Please transcribe exactly the lines from the one containing "this 1280×1280 image." through the end of the records below, both included, and nothing else.

== Records for this task ==

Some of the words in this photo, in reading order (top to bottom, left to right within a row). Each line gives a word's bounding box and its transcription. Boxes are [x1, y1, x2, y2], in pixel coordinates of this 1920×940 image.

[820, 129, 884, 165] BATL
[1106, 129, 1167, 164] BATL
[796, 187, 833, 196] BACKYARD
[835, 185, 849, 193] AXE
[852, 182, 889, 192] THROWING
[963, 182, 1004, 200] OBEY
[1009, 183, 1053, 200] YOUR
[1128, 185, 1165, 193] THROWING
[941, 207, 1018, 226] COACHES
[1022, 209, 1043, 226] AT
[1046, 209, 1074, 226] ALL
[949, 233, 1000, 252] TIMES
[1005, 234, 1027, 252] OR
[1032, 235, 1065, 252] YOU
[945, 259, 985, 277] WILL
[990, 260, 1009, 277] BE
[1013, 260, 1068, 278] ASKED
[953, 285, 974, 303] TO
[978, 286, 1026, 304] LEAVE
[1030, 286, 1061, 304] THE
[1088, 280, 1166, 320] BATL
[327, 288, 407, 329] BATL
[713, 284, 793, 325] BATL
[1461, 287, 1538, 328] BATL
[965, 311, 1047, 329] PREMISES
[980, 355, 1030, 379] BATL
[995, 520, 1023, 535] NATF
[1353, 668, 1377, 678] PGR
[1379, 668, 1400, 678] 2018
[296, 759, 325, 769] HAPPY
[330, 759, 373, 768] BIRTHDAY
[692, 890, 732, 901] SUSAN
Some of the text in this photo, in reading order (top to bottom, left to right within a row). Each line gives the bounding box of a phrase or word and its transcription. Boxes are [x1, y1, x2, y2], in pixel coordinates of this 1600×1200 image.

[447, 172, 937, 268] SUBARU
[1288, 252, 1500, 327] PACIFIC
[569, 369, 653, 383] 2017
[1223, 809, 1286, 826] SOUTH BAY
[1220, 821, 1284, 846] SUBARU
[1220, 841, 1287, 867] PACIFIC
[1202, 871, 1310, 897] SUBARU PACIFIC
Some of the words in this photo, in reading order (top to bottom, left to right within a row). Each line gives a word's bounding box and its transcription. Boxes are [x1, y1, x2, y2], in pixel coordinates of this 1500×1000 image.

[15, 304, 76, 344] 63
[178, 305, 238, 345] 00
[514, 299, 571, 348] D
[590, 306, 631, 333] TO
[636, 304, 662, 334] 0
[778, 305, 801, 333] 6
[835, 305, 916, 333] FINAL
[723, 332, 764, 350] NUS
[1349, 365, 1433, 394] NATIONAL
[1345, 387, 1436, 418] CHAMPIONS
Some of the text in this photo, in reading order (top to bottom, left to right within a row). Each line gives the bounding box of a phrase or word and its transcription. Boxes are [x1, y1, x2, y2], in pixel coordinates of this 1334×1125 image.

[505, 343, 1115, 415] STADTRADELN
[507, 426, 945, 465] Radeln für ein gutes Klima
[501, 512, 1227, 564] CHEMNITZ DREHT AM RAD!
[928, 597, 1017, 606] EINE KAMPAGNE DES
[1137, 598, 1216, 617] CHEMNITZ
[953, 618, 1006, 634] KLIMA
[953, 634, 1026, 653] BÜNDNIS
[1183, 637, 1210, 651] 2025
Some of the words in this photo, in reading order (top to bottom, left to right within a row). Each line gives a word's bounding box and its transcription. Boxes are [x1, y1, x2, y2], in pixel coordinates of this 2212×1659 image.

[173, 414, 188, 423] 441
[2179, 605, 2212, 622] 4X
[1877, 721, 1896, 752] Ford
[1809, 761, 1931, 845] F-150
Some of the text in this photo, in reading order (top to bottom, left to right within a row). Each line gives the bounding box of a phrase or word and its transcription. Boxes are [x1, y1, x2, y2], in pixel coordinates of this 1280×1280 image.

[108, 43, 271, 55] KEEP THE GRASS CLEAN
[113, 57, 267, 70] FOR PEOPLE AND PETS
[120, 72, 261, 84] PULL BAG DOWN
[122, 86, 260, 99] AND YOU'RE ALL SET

===

▶ [Exercise solution]
Some of the text in this photo, in reading order (top to bottom, left to right within a row). Each line gives the bounding box of a phrase or word and its transcription. Boxes are [x1, y1, x2, y2], in pixel coordinates of this 1280×1280 image.

[108, 43, 271, 55] KEEP THE GRASS CLEAN
[113, 57, 267, 70] FOR PEOPLE AND PETS
[120, 72, 261, 84] PULL BAG DOWN
[122, 86, 260, 99] AND YOU'RE ALL SET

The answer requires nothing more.